Anyone who has been reading any of my recent posts will realise that I have been having some hamstring issues over the past couple of month. Like most runners I know, when you pick up an injury you are immediately looking for a quick fix/cure/magic, in order to maintain your training schedule.
Invariably we never find the 'magic cure' but it does not stop us looking. So I thought I would share some of the tid bits I have come across during my recent searches.
If you have read any athletics/running magazine over the last year or so you will have had it drummed into you that static stretching is no longer considered best practice.
Static stretching encourages the muscle to relax in order to create elongation.

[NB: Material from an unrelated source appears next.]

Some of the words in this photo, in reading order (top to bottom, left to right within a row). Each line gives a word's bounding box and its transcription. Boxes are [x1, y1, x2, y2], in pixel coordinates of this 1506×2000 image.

Because a static stretch is done passively, it may create an imbalance with the opposing muscle groups, making the muscle less sensitive to neural messages sent to it by the brain, which reduces its ability to generate force.

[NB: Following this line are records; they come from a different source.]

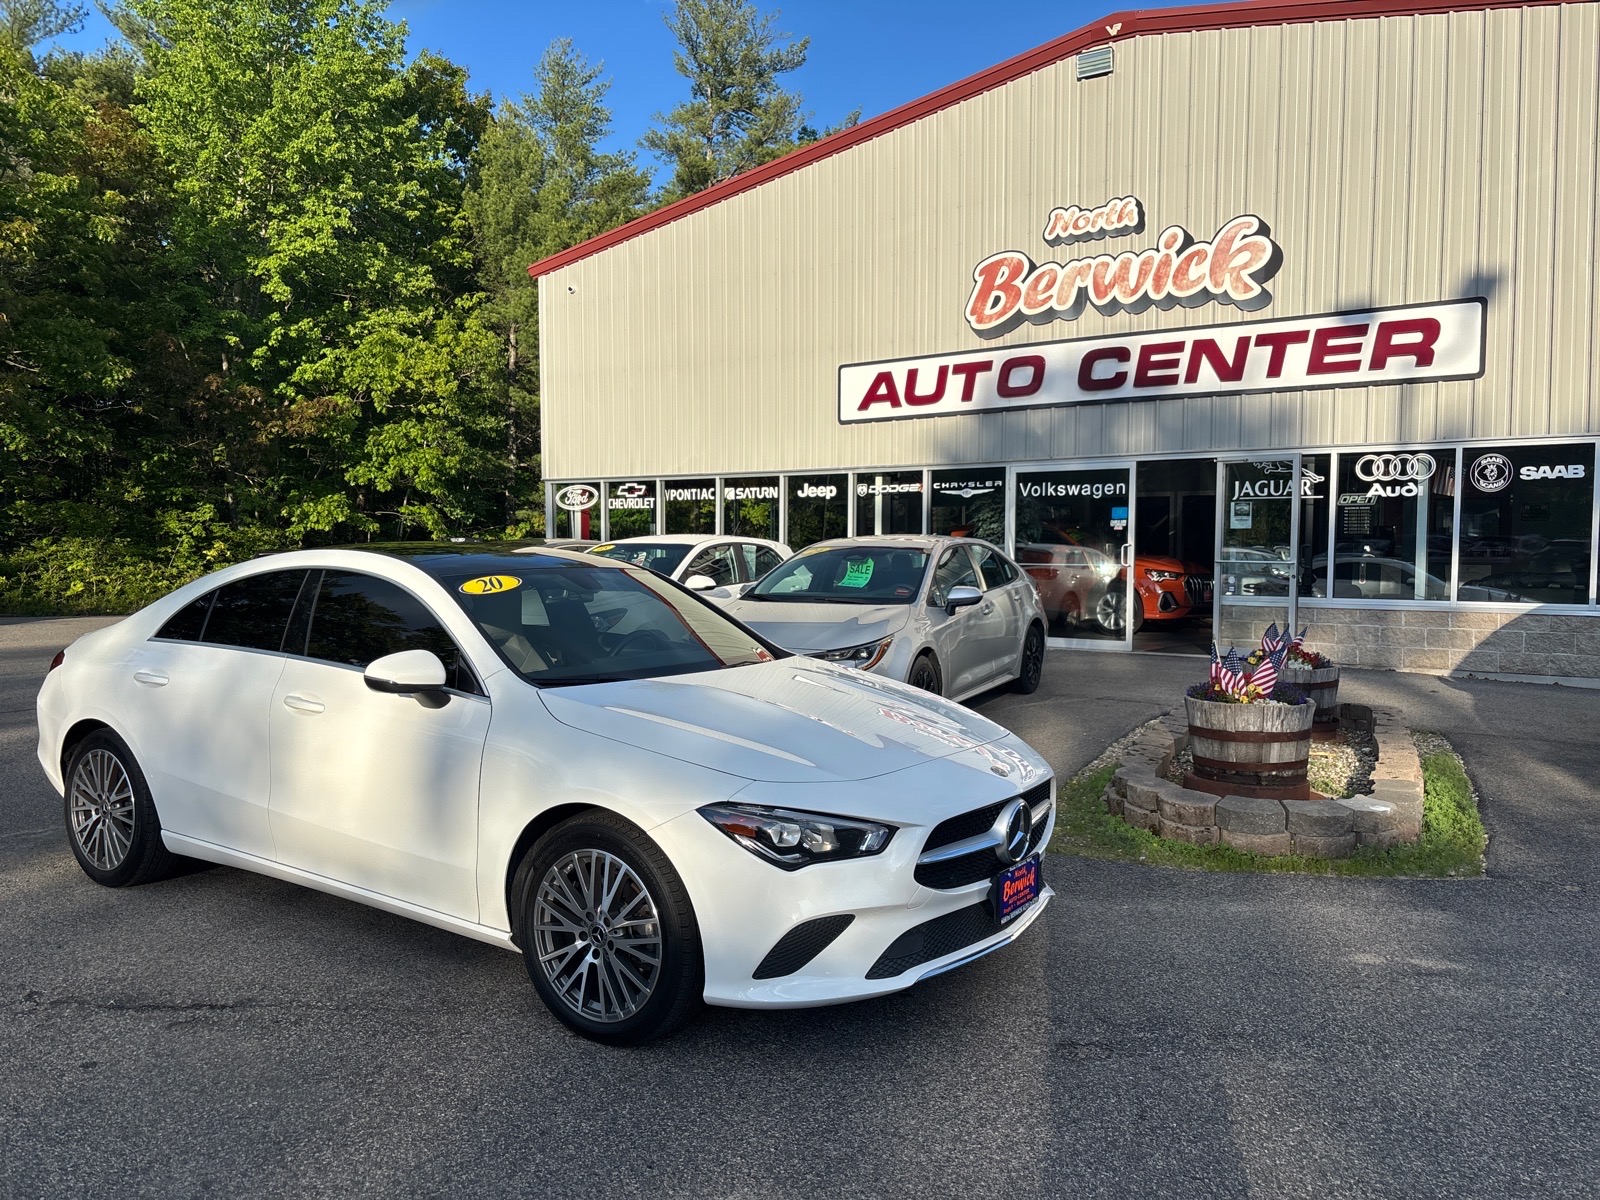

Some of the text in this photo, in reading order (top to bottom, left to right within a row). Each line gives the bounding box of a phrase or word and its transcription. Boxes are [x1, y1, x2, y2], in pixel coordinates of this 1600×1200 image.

[1047, 198, 1141, 242] North
[966, 217, 1271, 333] Berwick
[857, 317, 1441, 411] AUTO CENTER
[1480, 456, 1503, 466] SAAB
[1519, 464, 1586, 480] SAAB
[797, 483, 837, 500] Jeep
[868, 484, 920, 494] DODGE
[933, 480, 1003, 489] CHRYSLER
[1020, 481, 1126, 499] Volkswagen
[1232, 480, 1312, 500] JAGUAR
[1366, 482, 1424, 498] Audi
[1479, 479, 1505, 489] SCANIA
[565, 488, 589, 506] Ford
[670, 488, 715, 501] PONTIAC
[736, 486, 778, 499] SATURN
[1340, 495, 1376, 504] OPEN
[608, 498, 655, 509] CHEVROLET
[849, 564, 871, 575] SALE
[475, 576, 503, 593] 20

The type of stretching we should be doing is active or 'dynamic' stretching.
A dynamic stretch involves actively taking the muscle in and out of a stretch. This will lengthen the muscle, but also prepare it for quick / explosive activity. Therefore, training your hamstrings to stretch dynamically can greatly reduce the risk of tears and other injuries.
For example in the stretch shown the back is stable against the floor using the abdominal muscles and all the muscles of the legs, the gluts,hamstrings and quadriceps, are active to maintain the extension of the knees and to create resistance against the band. When the leg is brought towards the body, the hamstrings are elongated, but the opposing muscle groups are active and the spine and pelvis are stable.
Also quite a useful book I have come across is 'Sports Pilate's - How to prevent and overcome sports injuries' by Paul Massey. The book covers a variety of different sports, with specific exercises / preventative measures/ remedies for each sport. I have found the book to be detailed and well explained, with clear advice.